Vacanze estive 2025: ecco chi parte e chi resta

Economia e costi al centro delle scelte: l’aumento dei prezzi e le difficoltà finanziarie limitano i viaggi

Quest’anno, 8,4 milioni di italiani rinunceranno alle vacanze estive, con una forte prevalenza di motivazioni legate a ragioni economiche. Un’indagine commissionata a Emg Different rivela che il 69% degli italiani che non partiranno, ovvero circa 6 milioni di persone, sceglierà di restare a casa per non sostenere i costi di una vacanza.

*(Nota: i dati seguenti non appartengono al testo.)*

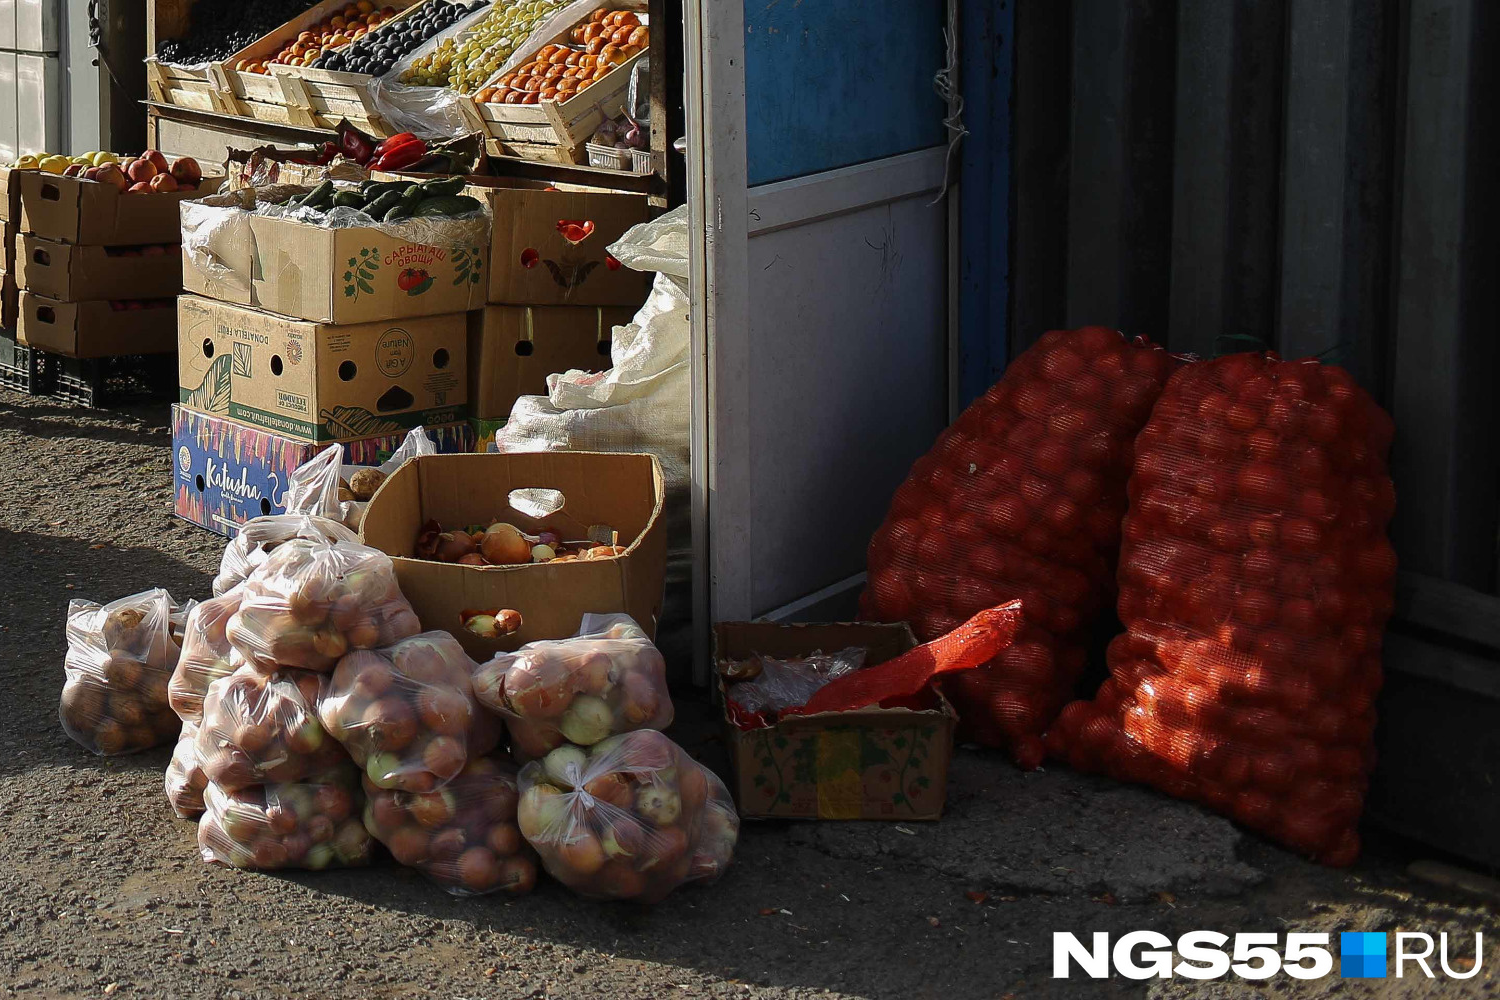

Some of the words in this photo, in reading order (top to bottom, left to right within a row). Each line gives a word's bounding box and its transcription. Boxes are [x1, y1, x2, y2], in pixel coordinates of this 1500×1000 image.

I dati, che mostrano la difficoltà di molte famiglie italiane nell’affrontare le spese estive, evidenziano come un viaggio medio comporti una spesa di 918 euro per persona, solo considerando alloggio e trasporto. Una famiglia di tre persone, quindi, dovrà mettere a bilancio almeno 2.700 euro per coprire i costi di base, senza includere altre spese aggiuntive. Questo scenario spiega in parte il calo delle prenotazioni, con sempre più italiani costretti a fare a meno della tradizionale pausa estiva.

Età e territorio: variabili significative

L’analisi dei dati mostra anche un impatto significativo legato all’età e alla zona geografica. Gli over 65, in particolare quelli nella fascia 65-74 anni, sono i più inclini a rinunciare alle ferie: ben 23% di loro non partirà, contro una media nazionale del 19%. Inoltre, a livello territoriale, la rinuncia alle vacanze è più diffusa nel Nord Ovest dell’Italia, dove la percentuale di coloro che restano a casa sale al 23%.

Perché non si parte?

Le ragioni della rinuncia sono quasi esclusivamente legate a problemi economici. Il 48% degli italiani che non partiranno ha dichiarato di non essere riuscito a risparmiare a causa dell’aumento del costo della vita, mentre il 20% ritiene che i prezzi di viaggi e vacanze siano ormai troppo elevati per essere sostenuti. Un altro 16% dei rispondenti ha scelto di rinviare le ferie ad altri periodi dell’anno, mentre un 10% resterà a casa per prendersi cura di un animale domestico. Non mancano, infine, coloro che rimarranno per motivi familiari: circa 380.000 italiani non partiranno per stare vicino a parenti anziani.

La soluzione dei prestiti

Nonostante le difficoltà economiche, alcuni italiani decidono di non rinunciare alla tradizione delle vacanze e ricorrono al prestito personale per finanziare il viaggio. Secondo stime di Facile.it e Prestiti.it, nei primi cinque mesi dell’anno sono stati erogati 220 milioni di euro per finanziare vacanze e viaggi. Chi ha scelto questa soluzione ha richiesto, in media, un prestito di 5.500 euro da restituire in un periodo di 4 anni.